►

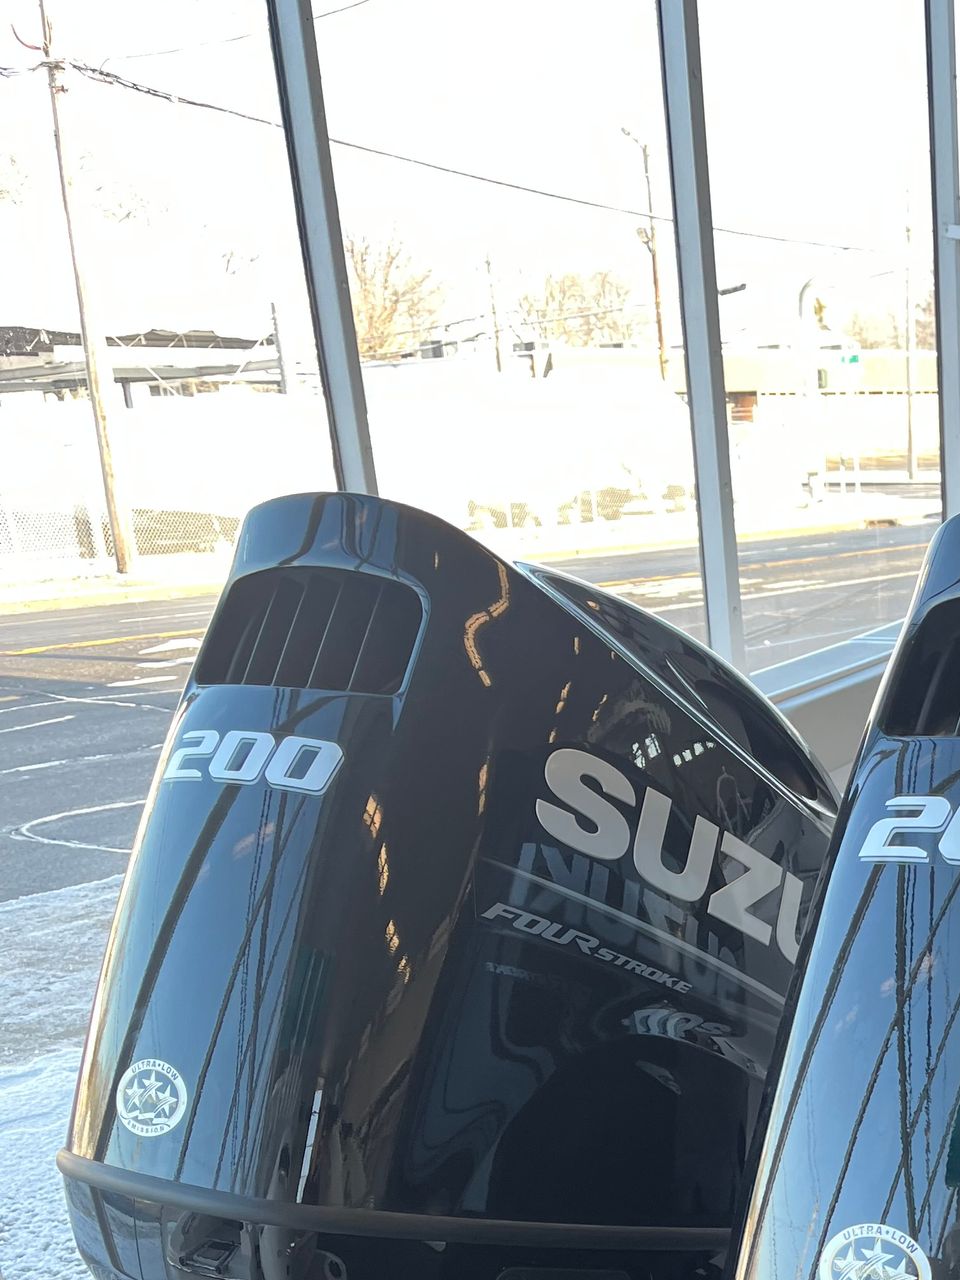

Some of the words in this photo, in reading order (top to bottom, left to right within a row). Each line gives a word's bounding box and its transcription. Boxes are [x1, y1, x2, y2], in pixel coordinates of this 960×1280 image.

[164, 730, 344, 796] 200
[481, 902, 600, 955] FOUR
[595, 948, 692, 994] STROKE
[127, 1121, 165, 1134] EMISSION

◄

◆ Instructions to follow
Your copy of the records must match them exactly, except that no pictures appear in it.

◆ Written reply
Some of the words in this photo, in reading order (top to bottom, left to right within a row). Each line gives a word's bounding box and its transcription. Boxes are [x1, y1, x2, y2], in pixel coordinates of this 960×1280 image.

[164, 730, 344, 796] 200
[481, 902, 600, 955] FOUR
[595, 948, 692, 994] STROKE
[127, 1121, 165, 1134] EMISSION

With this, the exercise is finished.